## WHAT THIS TASK INVOLVES
Reproduce the complete set of records exactly. No picture is to appear in the copy.
━━━━━━━━━━━━━━━━━━━━
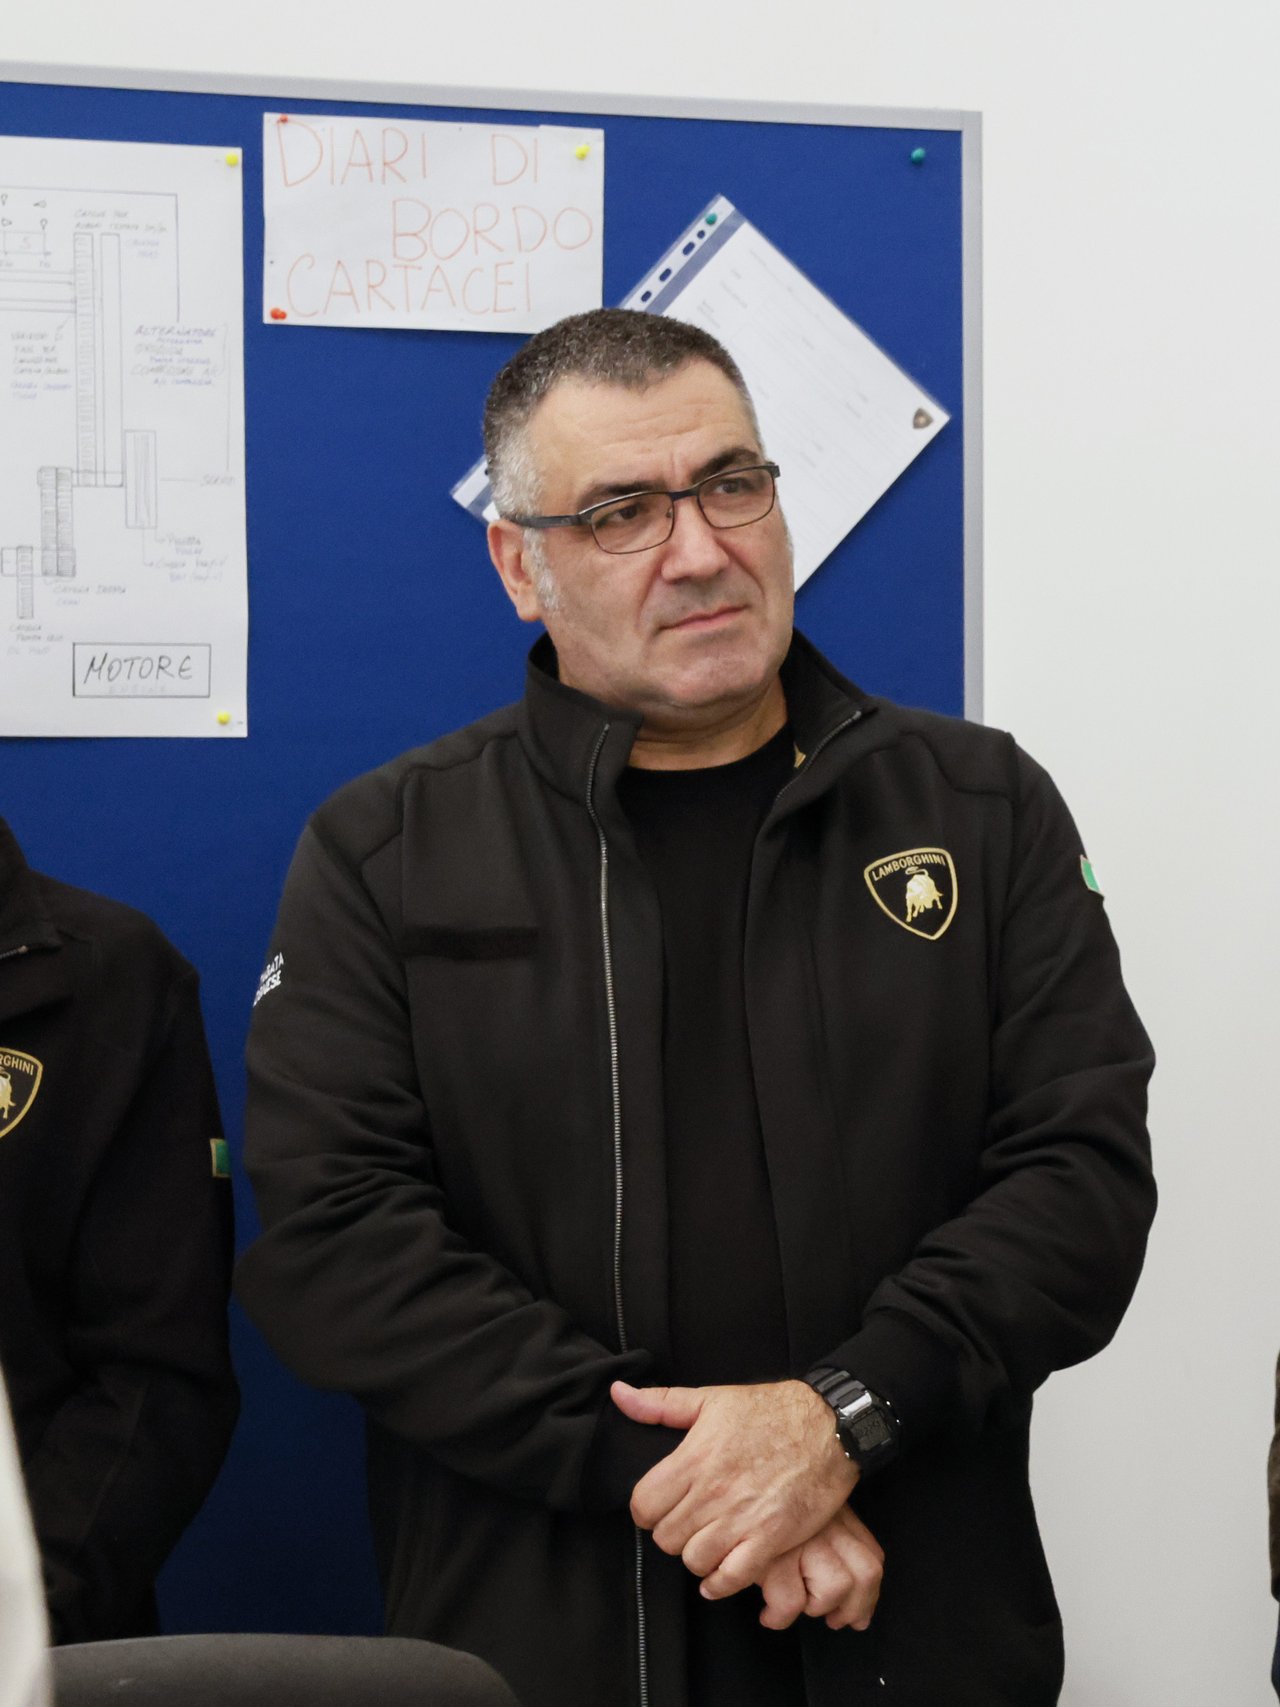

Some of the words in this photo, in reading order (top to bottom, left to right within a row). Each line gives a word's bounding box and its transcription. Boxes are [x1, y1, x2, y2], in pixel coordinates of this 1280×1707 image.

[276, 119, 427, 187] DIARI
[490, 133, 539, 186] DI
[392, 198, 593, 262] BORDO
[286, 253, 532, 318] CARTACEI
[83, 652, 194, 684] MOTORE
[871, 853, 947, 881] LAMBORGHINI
━━━━━━━━━━━━━━━━━━━━
## WRITTEN SOLUTION
Some of the words in this photo, in reading order (top to bottom, left to right within a row). Each line gives a word's bounding box and its transcription. Boxes are [x1, y1, x2, y2], in pixel coordinates of this 1280×1707 image.

[276, 119, 427, 187] DIARI
[490, 133, 539, 186] DI
[392, 198, 593, 262] BORDO
[286, 253, 532, 318] CARTACEI
[83, 652, 194, 684] MOTORE
[871, 853, 947, 881] LAMBORGHINI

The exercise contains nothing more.